American Nurseryman Magazine - Horticulture Magazine and Horticulture Books - Water worries - June, 2014 - DEPARTMENTS

American Nurseryman Magazine - Horticulture Magazine and Horticulture Books - June, 2014

DEPARTMENTS

Editor's Desk: Water worries

Let's start with some good news, shall we? It's no secret that nursery professionals are a resourceful group. That's a given. Where there's a need, there's a clever solution. If you ever attended a new ideas session at the former ANLA Management Clinic - or, for that matter, simply asked a colleague a question - you know this to be true. There's not much that can't be fixed or adapted or invented or fabricated.

Not much, that is, except Mother Nature.

When to comes to natural resources, we're at the mercy of the weather gods. That is, unless we implement practices that help to capture and conserve, treat and use wisely. My little contribution to the cause? The dehumidifier in my basement runs nearly all summer long, but I'm able to capture the condensation and use it for the potted annuals that live in abundance on my front steps throughout the season. (Am I looking for a pat on the back? No, not when I confess that I occasionally let the water drip in the bathroom sink because the cats demand to be entertained - despite the fact that they have their very own recirculating fountain in the kitchen.)

Over the years, nearly every nursery operation I've visited has been way ahead of the curve in regard to water. Water use, water treatment, water sources, water quality. It doesn't matter what part of the country or what the average rainfall is, I've been impressed to see so little waste. It's a precious commodity, and we all know it.
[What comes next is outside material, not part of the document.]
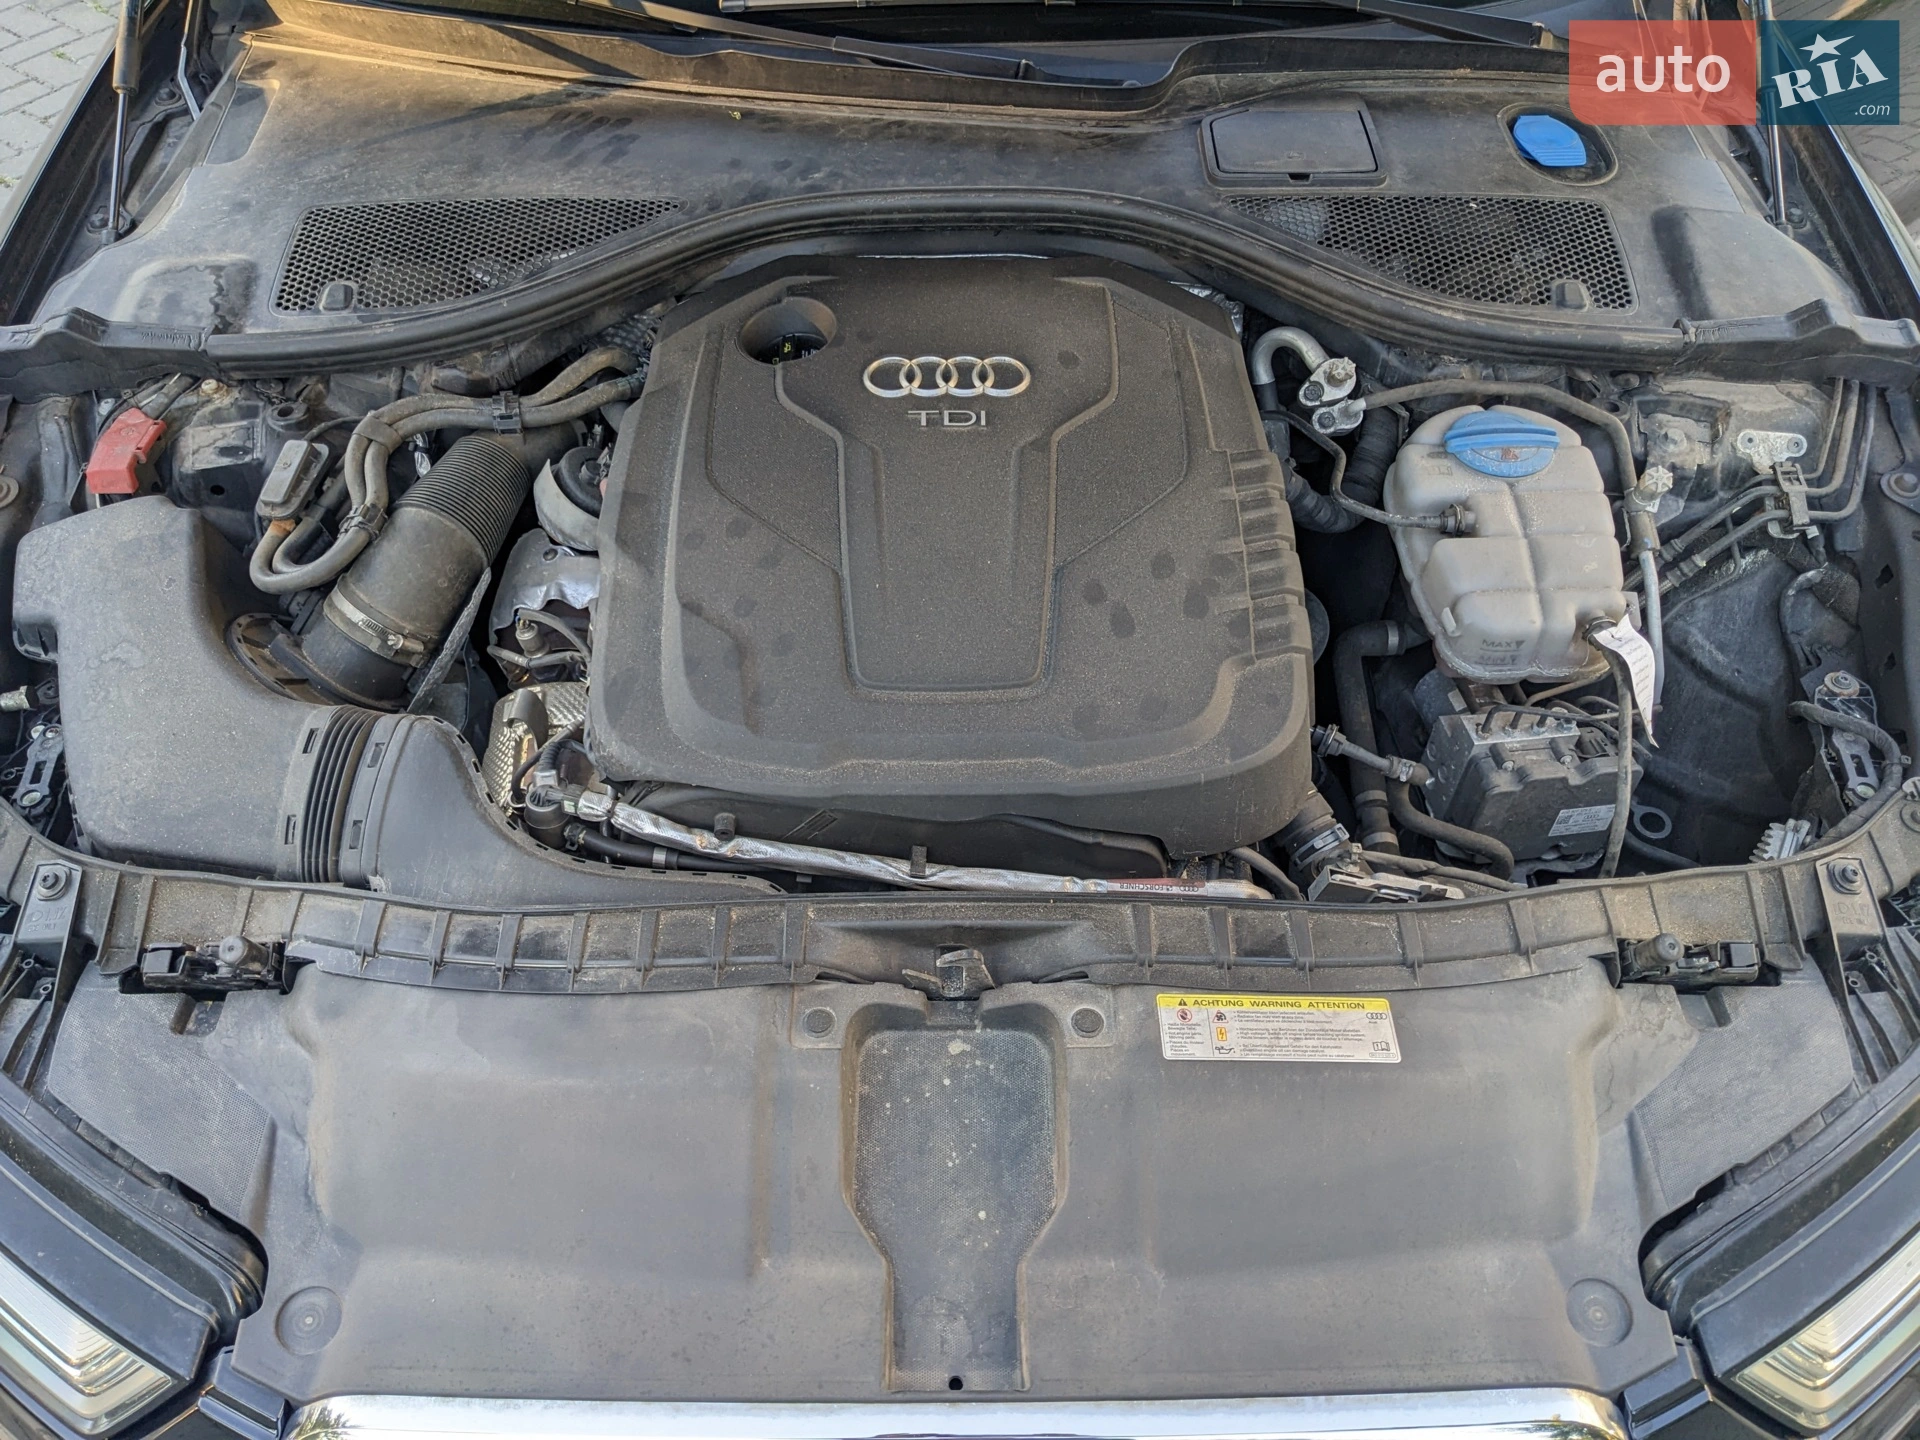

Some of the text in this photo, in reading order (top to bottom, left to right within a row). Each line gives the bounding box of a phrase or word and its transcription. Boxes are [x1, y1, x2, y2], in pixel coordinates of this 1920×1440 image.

[907, 410, 986, 426] TDI
[1482, 639, 1513, 648] MAX
[1193, 999, 1365, 1010] ACHTUNG WARNING ATTENTION
Significant portions of the West and Southwest are predicted to continue their struggle through historic and crippling drought, despite the occasional drenching rains.
Map courtesy of the Climate Prediction Center, NOAA

But that commodity is growing ever more difficult to control. Whether it's a matter of decreasing volume or increasing regulation, competition for resources has amped up, and the future of water, although not in our hands entirely, is our responsibility.
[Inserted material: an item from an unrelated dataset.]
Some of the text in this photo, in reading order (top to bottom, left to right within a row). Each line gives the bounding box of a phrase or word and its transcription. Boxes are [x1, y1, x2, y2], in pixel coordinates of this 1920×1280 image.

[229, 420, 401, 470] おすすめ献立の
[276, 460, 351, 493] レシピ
Please take a look at Tom Fernandez's article, appropriately titled "The Future of Water Quality," beginning on page 18. It's thought-provoking, educational, even somewhat encouraging ... and a sound foundation for where we go from here. Because from here, water will continue to be a challenge.
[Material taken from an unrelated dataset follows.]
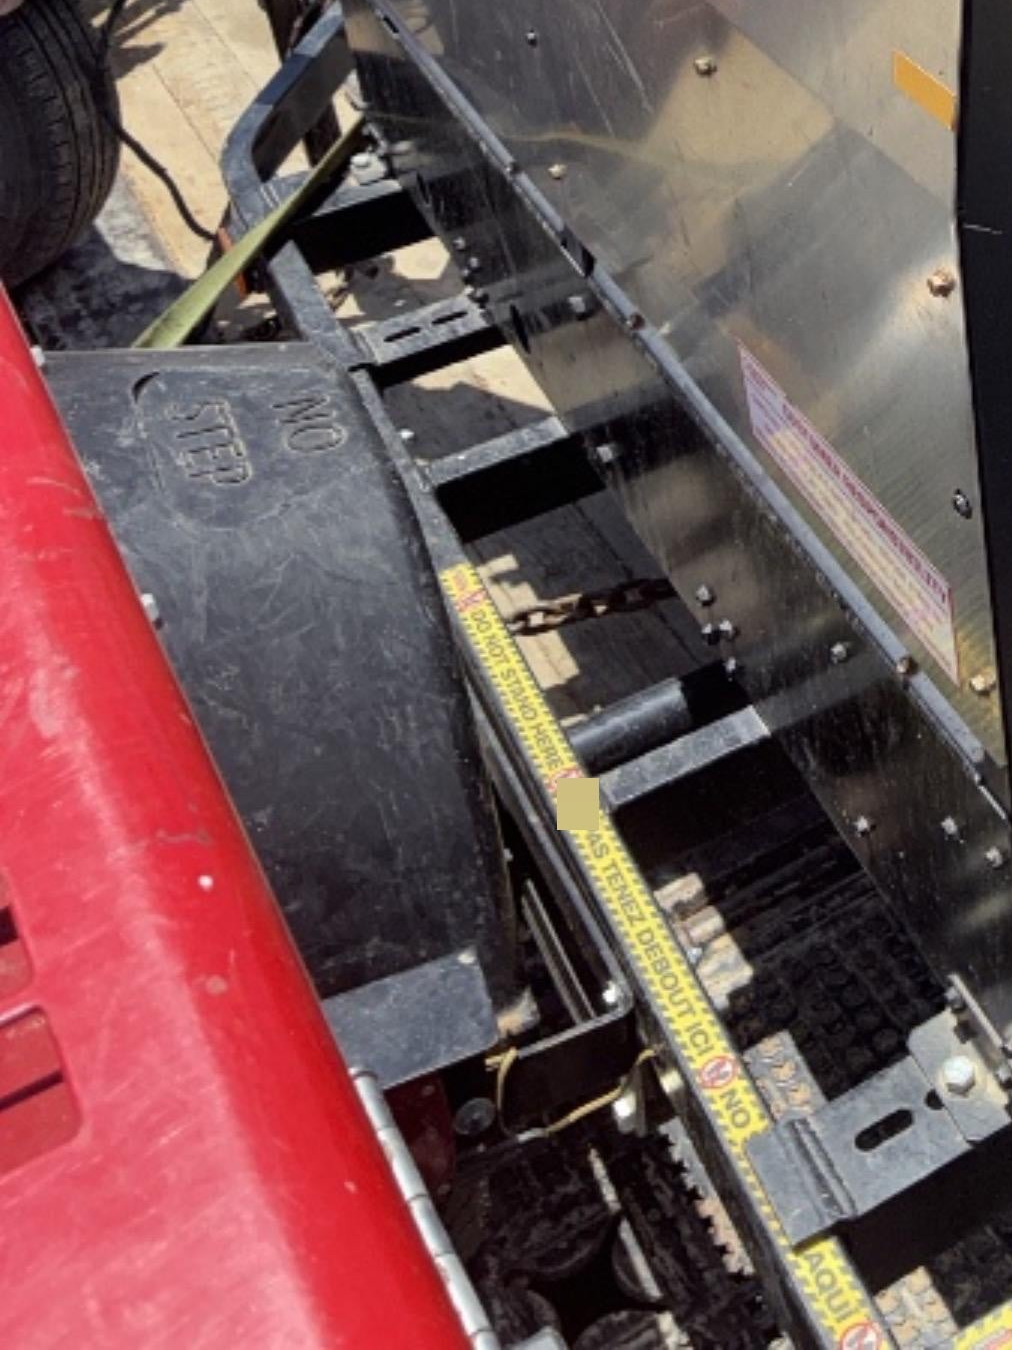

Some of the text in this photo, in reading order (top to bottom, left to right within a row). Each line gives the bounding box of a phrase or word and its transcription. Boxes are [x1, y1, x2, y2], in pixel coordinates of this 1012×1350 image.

[272, 394, 348, 452] NO
[470, 610, 564, 770] DO NOT STAND HERE
[588, 830, 715, 1057] AS TENEZ DEBOUT ICI
[720, 1087, 751, 1129] NO
We hear conflicting reports on climate change - it's irreversible; it's a hoax - but our experience has been that water is not nearly as plentiful as we'd like to it be. Much of the West and Southwest is experiencing dramatic drought, and although the specific status may change slightly week to week with the arrival of much-needed precipitation, long-term predictions hold that scarcity will continue. This season, this year. Next year?

Let's hope they're wrong. But let's prepare for the possibility that they're right.